+++ INPUT DATA +++

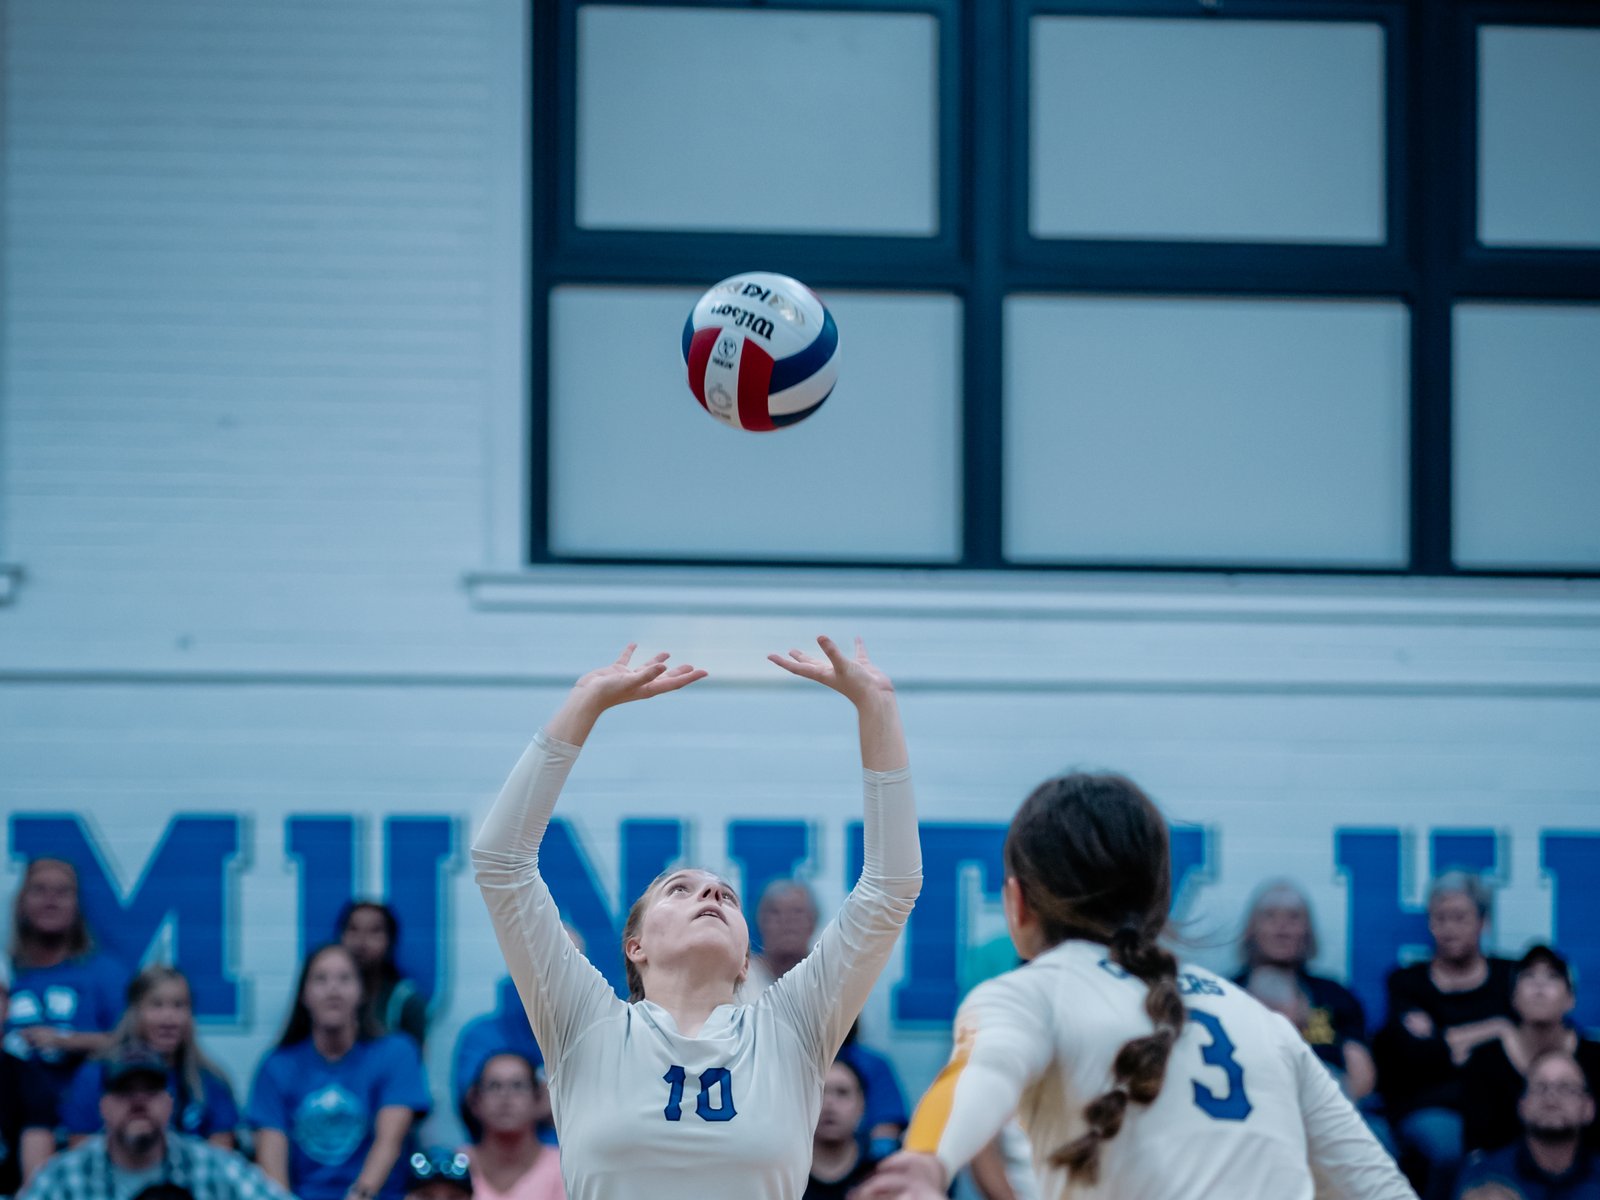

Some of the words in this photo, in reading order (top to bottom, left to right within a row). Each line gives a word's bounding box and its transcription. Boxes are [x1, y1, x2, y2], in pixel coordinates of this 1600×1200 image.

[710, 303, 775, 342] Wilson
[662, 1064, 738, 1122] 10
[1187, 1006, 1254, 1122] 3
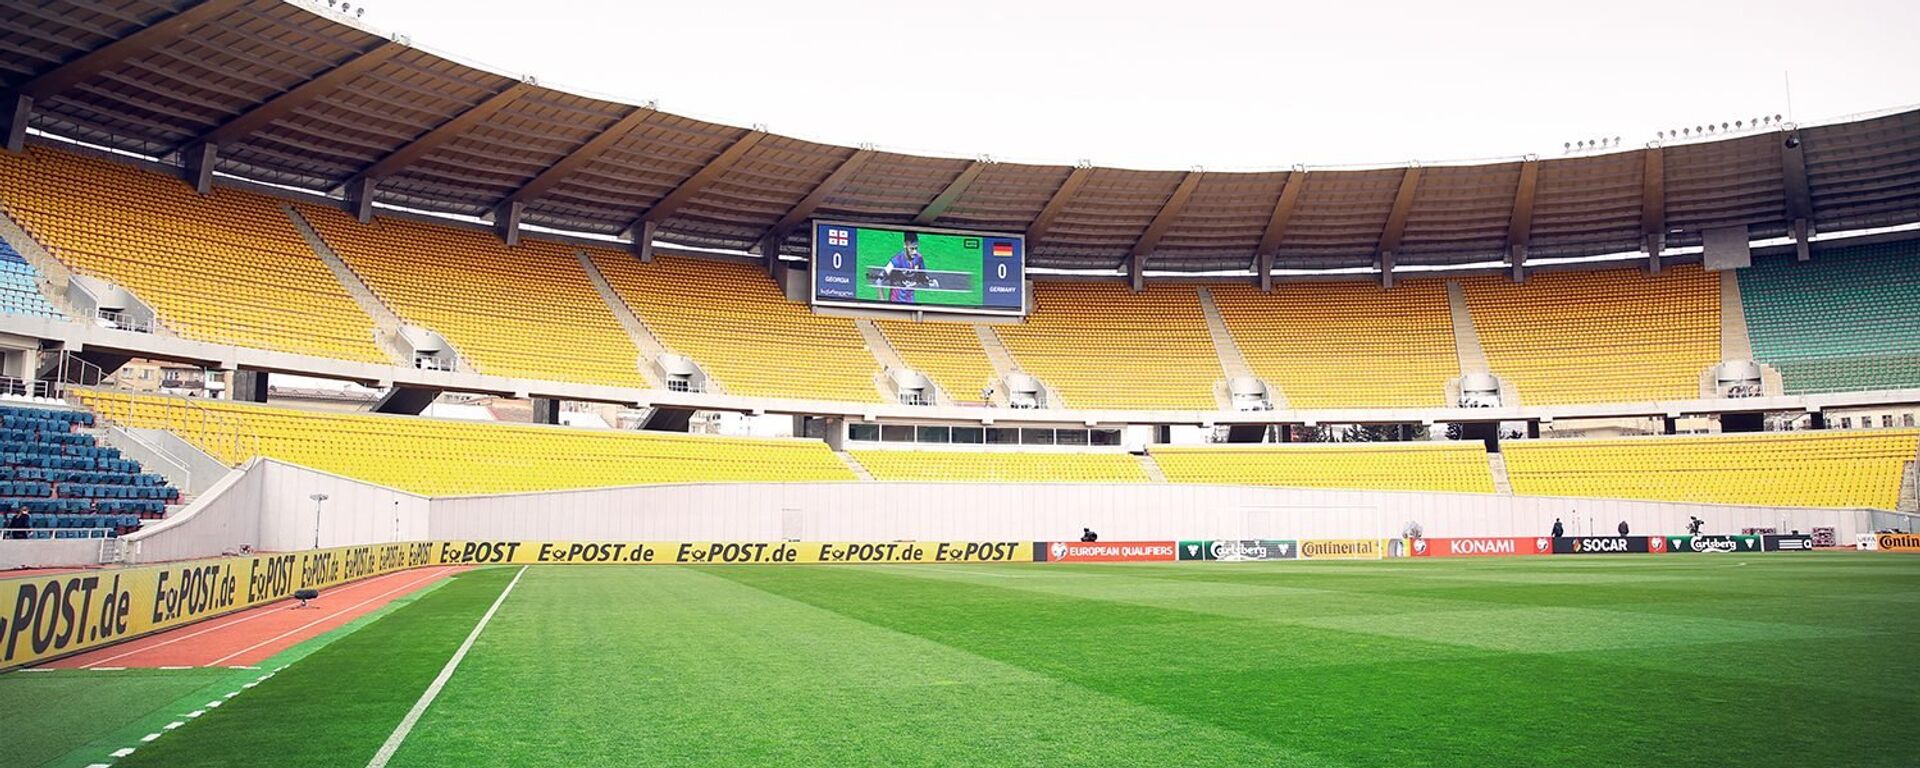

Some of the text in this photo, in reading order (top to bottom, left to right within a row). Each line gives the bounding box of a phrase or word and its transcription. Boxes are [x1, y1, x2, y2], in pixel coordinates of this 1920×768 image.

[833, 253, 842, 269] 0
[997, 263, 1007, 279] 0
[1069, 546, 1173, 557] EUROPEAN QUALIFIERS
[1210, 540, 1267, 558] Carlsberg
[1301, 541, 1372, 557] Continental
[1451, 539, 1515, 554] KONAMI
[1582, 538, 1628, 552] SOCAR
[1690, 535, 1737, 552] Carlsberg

+++

## WHAT NEEDS TO BE DONE
Can you restate all the records above word for word while dropping the pictures?

## ANSWER FOR THE TASK
Some of the words in this photo, in reading order (top to bottom, left to right within a row). Each line gives a word's bounding box and its transcription. Boxes are [x1, y1, x2, y2], in pixel coordinates of this 1600×1200 image.

[710, 303, 775, 342] Wilson
[662, 1064, 738, 1122] 10
[1187, 1006, 1254, 1122] 3

Some of the text in this photo, in reading order (top to bottom, left to right within a row). Each line gives the bounding box of a phrase or word and its transcription. Boxes are [x1, y1, x2, y2], in pixel coordinates of this 1920×768 image.

[833, 253, 842, 269] 0
[997, 263, 1007, 279] 0
[1069, 546, 1173, 557] EUROPEAN QUALIFIERS
[1210, 540, 1267, 558] Carlsberg
[1301, 541, 1372, 557] Continental
[1451, 539, 1515, 554] KONAMI
[1582, 538, 1628, 552] SOCAR
[1690, 535, 1737, 552] Carlsberg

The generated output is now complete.